Among the many solutions suggested, nearshoring operations - manufacturing in Mexico and the U.S. as opposed to overseas - seems to be the most promising. Many industry experts advise North American medical manufacturers to move operations closer to home to reduce cost, gain visibility and respond to new demand trends.
A new way of doing business In 2013, the U.S. passed the Affordable Care Act. The new health coverage laws have been amended several times since then, and each alteration is designed to provide medical care for the general population. This means insurance companies, hospitals and individuals have to prioritize their demand for new products as they look for ways to restructure their finances in light of changing government incentives and restrictions.

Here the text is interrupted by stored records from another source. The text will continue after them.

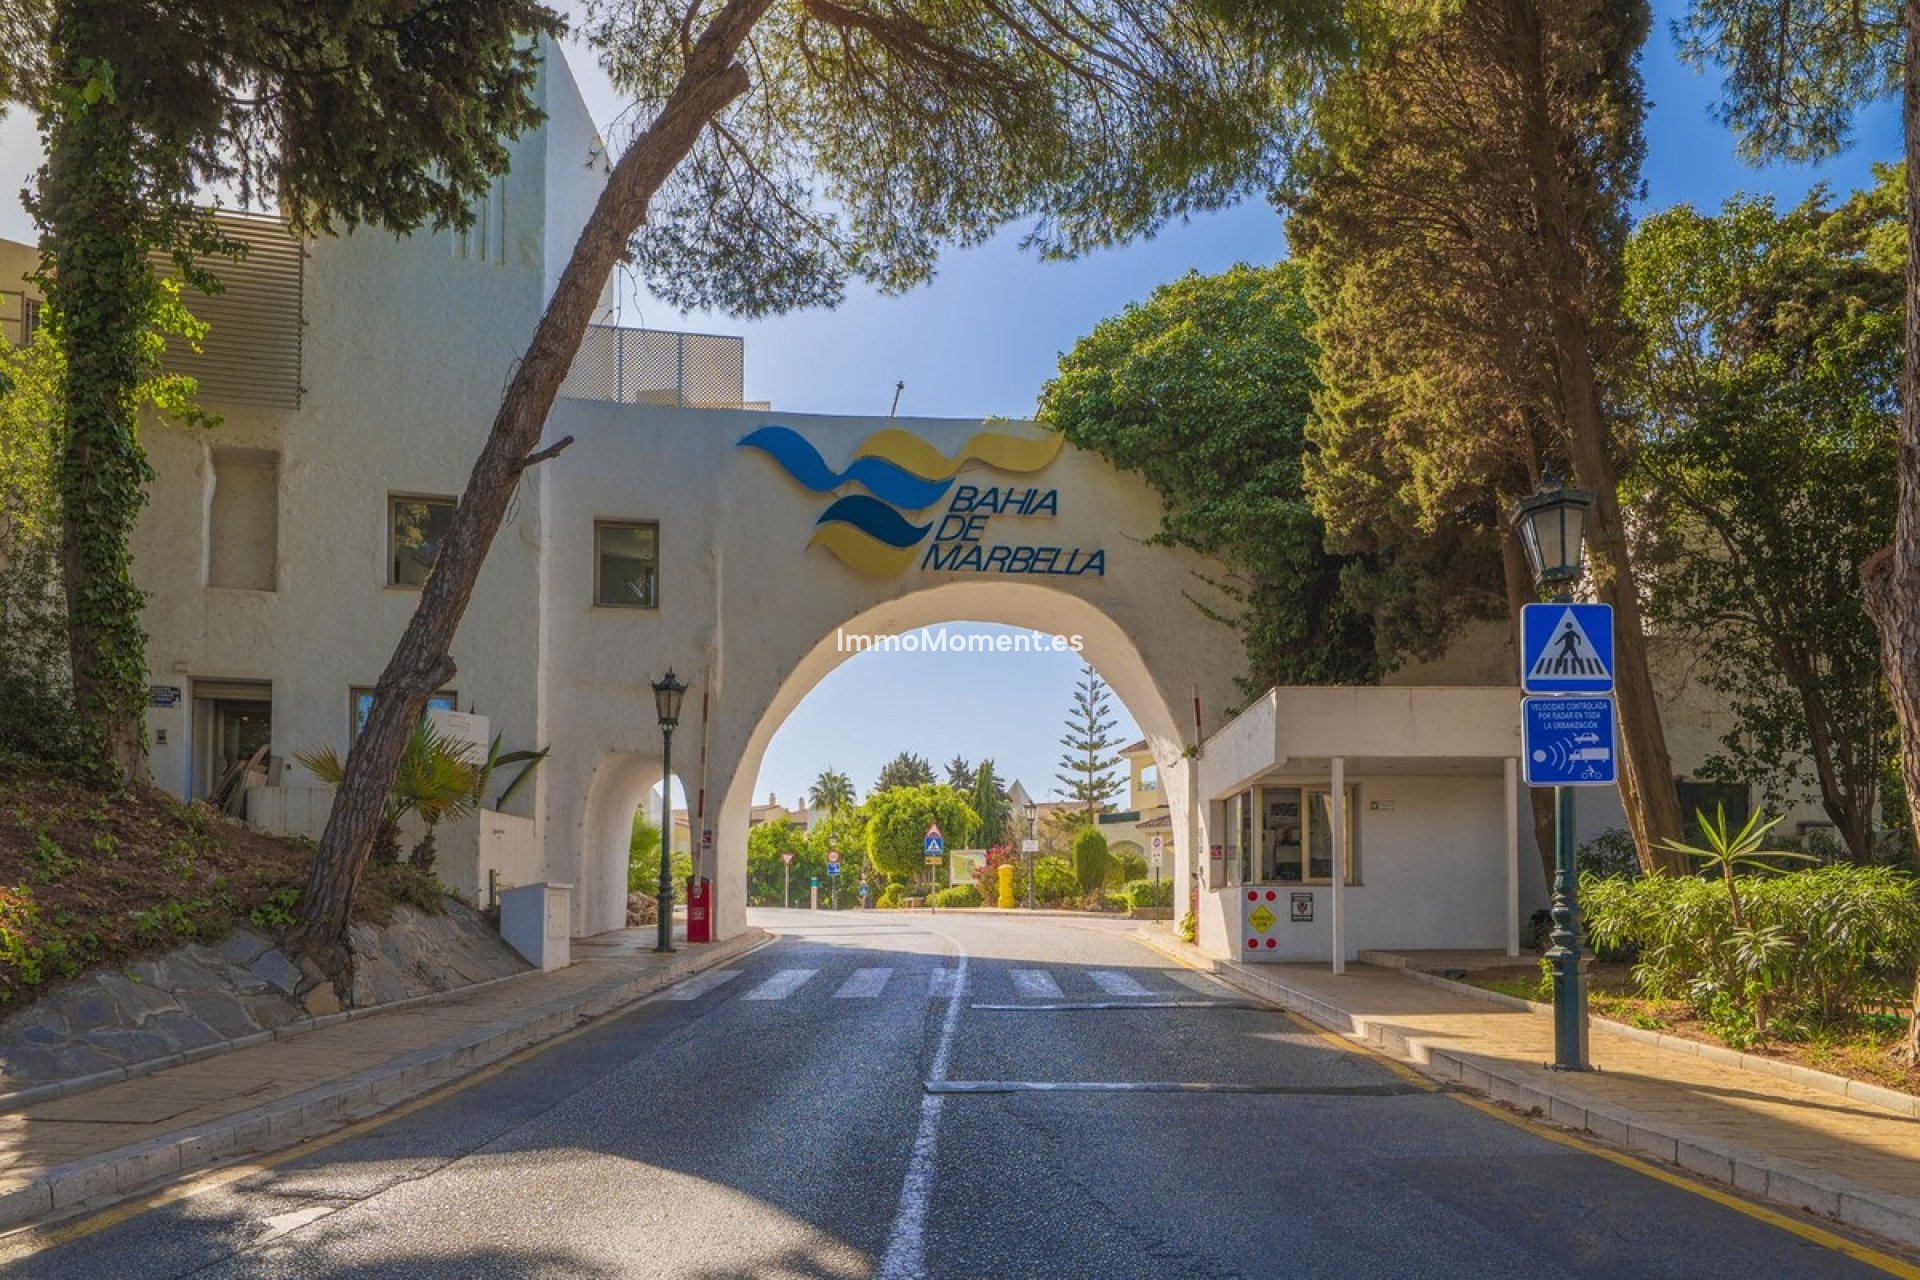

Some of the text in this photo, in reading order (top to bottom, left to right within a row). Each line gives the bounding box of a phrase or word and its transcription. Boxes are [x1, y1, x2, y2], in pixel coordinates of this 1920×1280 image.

[948, 485, 1058, 517] BAHIA
[935, 514, 990, 542] DE
[921, 543, 1105, 577] MARBELLA
[1531, 701, 1608, 711] VELOCIDAD CONTROLADA
[1538, 711, 1601, 720] POR RADAR EN TODA
[1543, 721, 1553, 730] LA
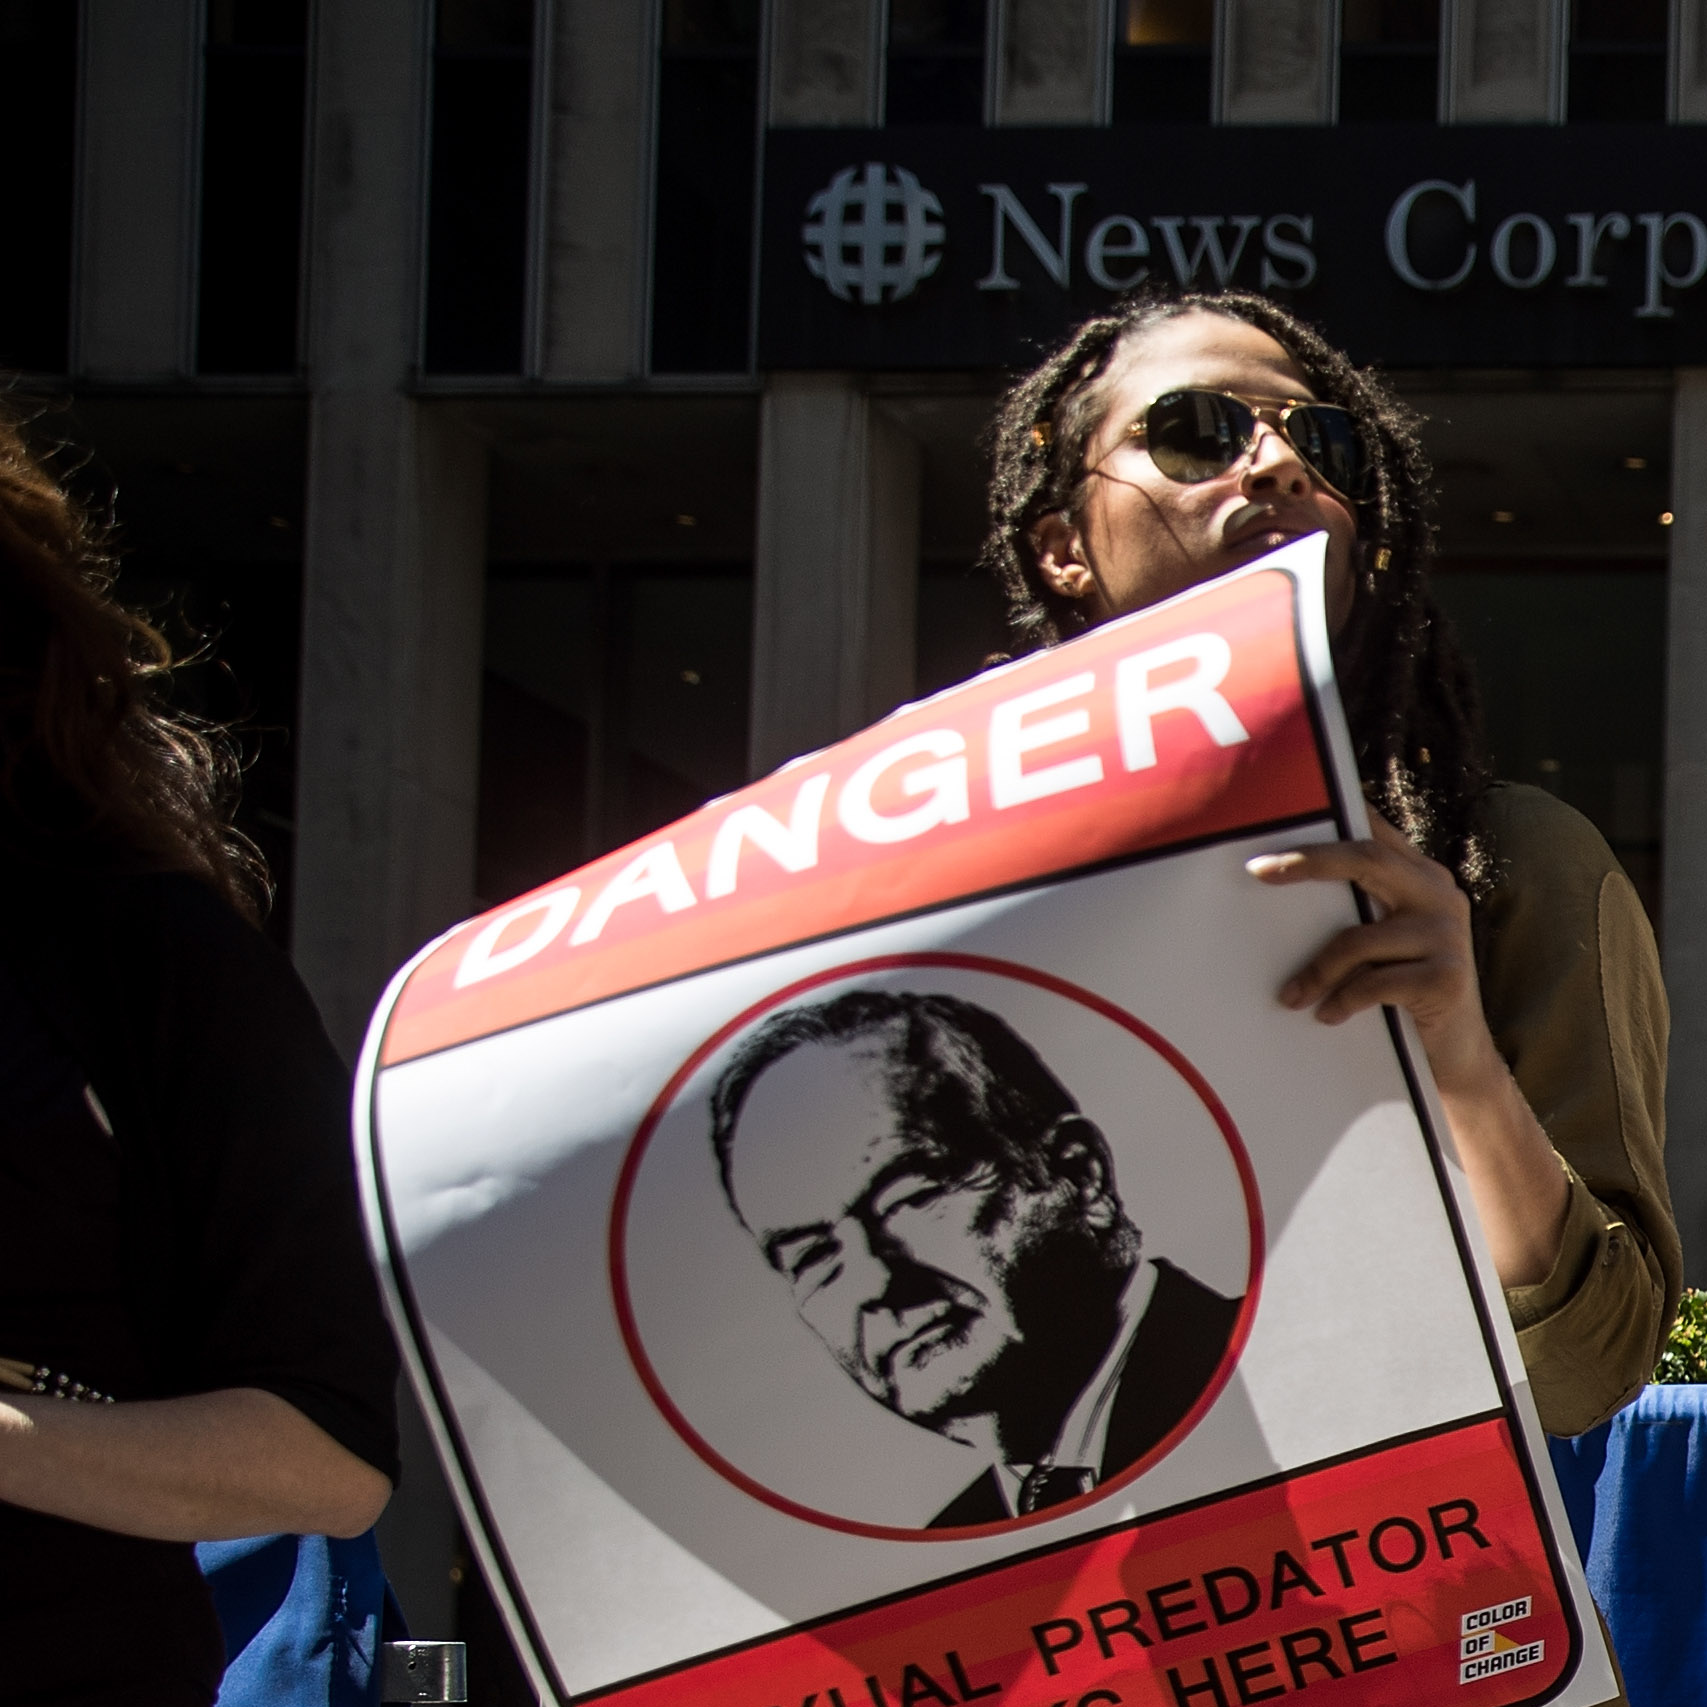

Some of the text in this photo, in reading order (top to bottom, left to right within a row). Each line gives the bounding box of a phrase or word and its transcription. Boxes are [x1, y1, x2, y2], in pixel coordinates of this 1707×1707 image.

[975, 181, 1318, 292] News
[453, 631, 1251, 989] DANGER
[1031, 1496, 1491, 1676] PREDATOR
[1466, 1601, 1527, 1630] COLOR
[1465, 1635, 1489, 1654] OF
[1465, 1645, 1539, 1679] CHANGE

At the same time, the Mexican government plans to increase medical spending by 10.2 percent between 2013 and 2017, with an end goal of providing basic health coverage for the entire country by 2020. This is a huge opportunity for medical manufacturers in the country to produce affordable goods for a growing market. Companies should strive to be the best option for companies and government agencies looking to spend new funds.
Other changes being thrown at the North American health industry include a more health conscious and aging population, excise taxes on medical supply shipments and restrictive tracking regulations.
Looking for opportunities When redesigning operations to meet demand, the supply chain should be a top priority for medical manufacturers. This is why nearshoring is a popular option for many companies. U.S and Mexico companies often produce goods for local markets and can save money by creating products closer to their clients. U.S. companies often turn to Mexico for shorter supply chains while still obtaining offshoring advantages.
"Companies often turn to Mexico for shorter supply chains."
Eduardo Saavedra, The Offshore Group's executive vice president of business development, told Medical Product Outsourcing that Mexico manufacturing offers U.S. companies reduced labor costs, skilled workers and proximity to consumer markets.
"Staying close to the ultimate consumer has always been and still is an advantage," Saavedra said in a MPO interview. "The proximity of Mexico to the United States and Canada is especially advantageous when not only the ultimate consumer but the supply chain is located near the manufacturing site."
Nearshoring provides closer manufacturing partners. This can prove essential for communication, data exchange and agile production lines. It's important medical manufactures are ready to adjust facility operations to respond to government regulations coming down the road.
Manufacturing facilities in Mexico While manufacturing in Mexico is a popular option for a variety of industries, the medical community is only beginning to catch on. Plastic News detailed how border communities in Mexico prepare for increasing demand, and facilities are ready for U.S. companies looking for cost-efficient solutions to new health industry demands.
Like many regions in Mexico, Ciudad Juarez has fostered medical manufacturing talent development in local populations and formed local organizations to consolidate resources. A factory in the area recently expanded its operations to meet a growing demand. The facility added three new presses to help continue making products, which it has successfully done since 1999.
If U.S. companies work with shelter services they can easily locate the appropriate skilled labor in a facility located next door to its final consumer group.